── EXERCISE MATERIAL ──

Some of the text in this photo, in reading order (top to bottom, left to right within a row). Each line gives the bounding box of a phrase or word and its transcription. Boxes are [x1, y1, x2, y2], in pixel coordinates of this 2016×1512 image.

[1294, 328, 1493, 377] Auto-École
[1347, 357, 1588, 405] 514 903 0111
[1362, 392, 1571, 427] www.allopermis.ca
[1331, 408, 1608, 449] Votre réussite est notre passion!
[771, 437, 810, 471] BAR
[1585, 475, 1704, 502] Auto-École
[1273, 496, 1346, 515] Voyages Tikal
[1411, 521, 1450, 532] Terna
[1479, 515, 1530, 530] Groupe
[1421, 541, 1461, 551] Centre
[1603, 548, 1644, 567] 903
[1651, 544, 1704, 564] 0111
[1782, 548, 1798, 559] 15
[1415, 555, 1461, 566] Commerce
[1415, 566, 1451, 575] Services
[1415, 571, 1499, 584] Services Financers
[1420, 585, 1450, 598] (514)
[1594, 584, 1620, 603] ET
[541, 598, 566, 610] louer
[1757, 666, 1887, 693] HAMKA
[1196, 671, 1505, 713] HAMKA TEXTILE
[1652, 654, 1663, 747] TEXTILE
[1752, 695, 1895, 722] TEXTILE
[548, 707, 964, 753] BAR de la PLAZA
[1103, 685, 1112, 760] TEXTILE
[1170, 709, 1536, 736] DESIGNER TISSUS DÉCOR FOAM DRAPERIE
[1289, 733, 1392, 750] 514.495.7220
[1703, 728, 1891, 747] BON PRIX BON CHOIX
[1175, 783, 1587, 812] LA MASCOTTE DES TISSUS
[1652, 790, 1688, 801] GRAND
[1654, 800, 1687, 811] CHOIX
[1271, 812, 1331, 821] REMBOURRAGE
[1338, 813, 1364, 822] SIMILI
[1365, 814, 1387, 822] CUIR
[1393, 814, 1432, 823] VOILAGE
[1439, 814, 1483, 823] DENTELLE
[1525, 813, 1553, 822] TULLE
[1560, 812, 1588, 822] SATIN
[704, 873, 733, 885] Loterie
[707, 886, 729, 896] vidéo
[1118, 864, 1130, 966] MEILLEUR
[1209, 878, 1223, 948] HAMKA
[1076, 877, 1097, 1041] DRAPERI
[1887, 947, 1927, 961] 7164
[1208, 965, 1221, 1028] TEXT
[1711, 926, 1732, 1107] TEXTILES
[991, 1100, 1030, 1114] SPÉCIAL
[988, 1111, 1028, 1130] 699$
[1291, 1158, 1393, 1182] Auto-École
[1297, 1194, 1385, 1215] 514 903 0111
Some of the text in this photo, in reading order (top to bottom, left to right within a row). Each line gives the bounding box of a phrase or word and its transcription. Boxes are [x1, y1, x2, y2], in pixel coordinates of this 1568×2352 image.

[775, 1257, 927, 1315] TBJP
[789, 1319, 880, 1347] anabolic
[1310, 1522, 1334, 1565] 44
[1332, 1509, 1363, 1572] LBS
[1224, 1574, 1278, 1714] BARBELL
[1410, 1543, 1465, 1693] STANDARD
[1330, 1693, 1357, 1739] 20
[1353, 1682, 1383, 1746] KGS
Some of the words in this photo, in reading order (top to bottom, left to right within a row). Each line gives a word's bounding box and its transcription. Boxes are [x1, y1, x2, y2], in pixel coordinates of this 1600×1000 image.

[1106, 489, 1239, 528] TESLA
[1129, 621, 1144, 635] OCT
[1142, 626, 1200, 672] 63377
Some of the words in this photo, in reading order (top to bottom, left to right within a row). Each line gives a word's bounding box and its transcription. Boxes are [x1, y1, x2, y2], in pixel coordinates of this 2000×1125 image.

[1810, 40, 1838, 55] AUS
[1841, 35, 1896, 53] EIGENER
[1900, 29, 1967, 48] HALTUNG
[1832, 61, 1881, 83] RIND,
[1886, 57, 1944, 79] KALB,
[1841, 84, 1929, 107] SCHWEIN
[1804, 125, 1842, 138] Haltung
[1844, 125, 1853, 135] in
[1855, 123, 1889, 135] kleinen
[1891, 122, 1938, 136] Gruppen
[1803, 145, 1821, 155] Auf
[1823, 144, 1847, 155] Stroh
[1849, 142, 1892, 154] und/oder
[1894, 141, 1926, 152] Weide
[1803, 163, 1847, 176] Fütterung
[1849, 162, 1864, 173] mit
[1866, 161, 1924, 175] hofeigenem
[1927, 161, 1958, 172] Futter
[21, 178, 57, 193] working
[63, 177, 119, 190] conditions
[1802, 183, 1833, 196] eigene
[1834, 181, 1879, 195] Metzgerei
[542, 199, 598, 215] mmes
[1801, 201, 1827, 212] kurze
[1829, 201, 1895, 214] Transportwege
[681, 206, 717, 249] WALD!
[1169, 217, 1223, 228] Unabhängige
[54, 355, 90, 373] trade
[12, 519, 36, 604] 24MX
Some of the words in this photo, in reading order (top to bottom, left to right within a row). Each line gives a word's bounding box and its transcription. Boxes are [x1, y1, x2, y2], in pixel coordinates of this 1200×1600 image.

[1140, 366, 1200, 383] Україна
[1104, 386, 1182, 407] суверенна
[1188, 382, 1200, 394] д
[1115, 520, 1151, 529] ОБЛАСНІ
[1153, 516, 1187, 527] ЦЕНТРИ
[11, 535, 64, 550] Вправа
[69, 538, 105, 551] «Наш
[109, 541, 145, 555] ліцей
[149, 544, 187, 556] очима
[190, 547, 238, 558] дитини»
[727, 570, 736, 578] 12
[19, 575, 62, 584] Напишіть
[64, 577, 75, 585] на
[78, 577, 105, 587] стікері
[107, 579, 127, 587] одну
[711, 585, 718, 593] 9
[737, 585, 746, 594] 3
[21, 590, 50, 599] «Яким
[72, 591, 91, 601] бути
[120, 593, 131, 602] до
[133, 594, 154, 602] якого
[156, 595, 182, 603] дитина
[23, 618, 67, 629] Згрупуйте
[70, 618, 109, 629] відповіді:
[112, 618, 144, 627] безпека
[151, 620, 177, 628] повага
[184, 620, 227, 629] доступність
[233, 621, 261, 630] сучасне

───

DIRECTIONS FOR THIS TASK
Print the material exactly. Include every line.

EXERCISE ANSWER
Some of the text in this photo, in reading order (top to bottom, left to right within a row). Each line gives the bounding box of a phrase or word and its transcription. Boxes are [x1, y1, x2, y2], in pixel coordinates of this 2016×1512 image.

[1294, 328, 1493, 377] Auto-École
[1347, 357, 1588, 405] 514 903 0111
[1362, 392, 1571, 427] www.allopermis.ca
[1331, 408, 1608, 449] Votre réussite est notre passion!
[771, 437, 810, 471] BAR
[1585, 475, 1704, 502] Auto-École
[1273, 496, 1346, 515] Voyages Tikal
[1411, 521, 1450, 532] Terna
[1479, 515, 1530, 530] Groupe
[1421, 541, 1461, 551] Centre
[1603, 548, 1644, 567] 903
[1651, 544, 1704, 564] 0111
[1782, 548, 1798, 559] 15
[1415, 555, 1461, 566] Commerce
[1415, 566, 1451, 575] Services
[1415, 571, 1499, 584] Services Financers
[1420, 585, 1450, 598] (514)
[1594, 584, 1620, 603] ET
[541, 598, 566, 610] louer
[1757, 666, 1887, 693] HAMKA
[1196, 671, 1505, 713] HAMKA TEXTILE
[1652, 654, 1663, 747] TEXTILE
[1752, 695, 1895, 722] TEXTILE
[548, 707, 964, 753] BAR de la PLAZA
[1103, 685, 1112, 760] TEXTILE
[1170, 709, 1536, 736] DESIGNER TISSUS DÉCOR FOAM DRAPERIE
[1289, 733, 1392, 750] 514.495.7220
[1703, 728, 1891, 747] BON PRIX BON CHOIX
[1175, 783, 1587, 812] LA MASCOTTE DES TISSUS
[1652, 790, 1688, 801] GRAND
[1654, 800, 1687, 811] CHOIX
[1271, 812, 1331, 821] REMBOURRAGE
[1338, 813, 1364, 822] SIMILI
[1365, 814, 1387, 822] CUIR
[1393, 814, 1432, 823] VOILAGE
[1439, 814, 1483, 823] DENTELLE
[1525, 813, 1553, 822] TULLE
[1560, 812, 1588, 822] SATIN
[704, 873, 733, 885] Loterie
[707, 886, 729, 896] vidéo
[1118, 864, 1130, 966] MEILLEUR
[1209, 878, 1223, 948] HAMKA
[1076, 877, 1097, 1041] DRAPERI
[1887, 947, 1927, 961] 7164
[1208, 965, 1221, 1028] TEXT
[1711, 926, 1732, 1107] TEXTILES
[991, 1100, 1030, 1114] SPÉCIAL
[988, 1111, 1028, 1130] 699$
[1291, 1158, 1393, 1182] Auto-École
[1297, 1194, 1385, 1215] 514 903 0111
Some of the text in this photo, in reading order (top to bottom, left to right within a row). Each line gives the bounding box of a phrase or word and its transcription. Boxes are [x1, y1, x2, y2], in pixel coordinates of this 1568×2352 image.

[775, 1257, 927, 1315] TBJP
[789, 1319, 880, 1347] anabolic
[1310, 1522, 1334, 1565] 44
[1332, 1509, 1363, 1572] LBS
[1224, 1574, 1278, 1714] BARBELL
[1410, 1543, 1465, 1693] STANDARD
[1330, 1693, 1357, 1739] 20
[1353, 1682, 1383, 1746] KGS
Some of the words in this photo, in reading order (top to bottom, left to right within a row). Each line gives a word's bounding box and its transcription. Boxes are [x1, y1, x2, y2], in pixel coordinates of this 1600×1000 image.

[1106, 489, 1239, 528] TESLA
[1129, 621, 1144, 635] OCT
[1142, 626, 1200, 672] 63377
Some of the words in this photo, in reading order (top to bottom, left to right within a row). Each line gives a word's bounding box and its transcription. Boxes are [x1, y1, x2, y2], in pixel coordinates of this 2000×1125 image.

[1810, 40, 1838, 55] AUS
[1841, 35, 1896, 53] EIGENER
[1900, 29, 1967, 48] HALTUNG
[1832, 61, 1881, 83] RIND,
[1886, 57, 1944, 79] KALB,
[1841, 84, 1929, 107] SCHWEIN
[1804, 125, 1842, 138] Haltung
[1844, 125, 1853, 135] in
[1855, 123, 1889, 135] kleinen
[1891, 122, 1938, 136] Gruppen
[1803, 145, 1821, 155] Auf
[1823, 144, 1847, 155] Stroh
[1849, 142, 1892, 154] und/oder
[1894, 141, 1926, 152] Weide
[1803, 163, 1847, 176] Fütterung
[1849, 162, 1864, 173] mit
[1866, 161, 1924, 175] hofeigenem
[1927, 161, 1958, 172] Futter
[21, 178, 57, 193] working
[63, 177, 119, 190] conditions
[1802, 183, 1833, 196] eigene
[1834, 181, 1879, 195] Metzgerei
[542, 199, 598, 215] mmes
[1801, 201, 1827, 212] kurze
[1829, 201, 1895, 214] Transportwege
[681, 206, 717, 249] WALD!
[1169, 217, 1223, 228] Unabhängige
[54, 355, 90, 373] trade
[12, 519, 36, 604] 24MX
Some of the words in this photo, in reading order (top to bottom, left to right within a row). Each line gives a word's bounding box and its transcription. Boxes are [x1, y1, x2, y2], in pixel coordinates of this 1200×1600 image.

[1140, 366, 1200, 383] Україна
[1104, 386, 1182, 407] суверенна
[1188, 382, 1200, 394] д
[1115, 520, 1151, 529] ОБЛАСНІ
[1153, 516, 1187, 527] ЦЕНТРИ
[11, 535, 64, 550] Вправа
[69, 538, 105, 551] «Наш
[109, 541, 145, 555] ліцей
[149, 544, 187, 556] очима
[190, 547, 238, 558] дитини»
[727, 570, 736, 578] 12
[19, 575, 62, 584] Напишіть
[64, 577, 75, 585] на
[78, 577, 105, 587] стікері
[107, 579, 127, 587] одну
[711, 585, 718, 593] 9
[737, 585, 746, 594] 3
[21, 590, 50, 599] «Яким
[72, 591, 91, 601] бути
[120, 593, 131, 602] до
[133, 594, 154, 602] якого
[156, 595, 182, 603] дитина
[23, 618, 67, 629] Згрупуйте
[70, 618, 109, 629] відповіді:
[112, 618, 144, 627] безпека
[151, 620, 177, 628] повага
[184, 620, 227, 629] доступність
[233, 621, 261, 630] сучасне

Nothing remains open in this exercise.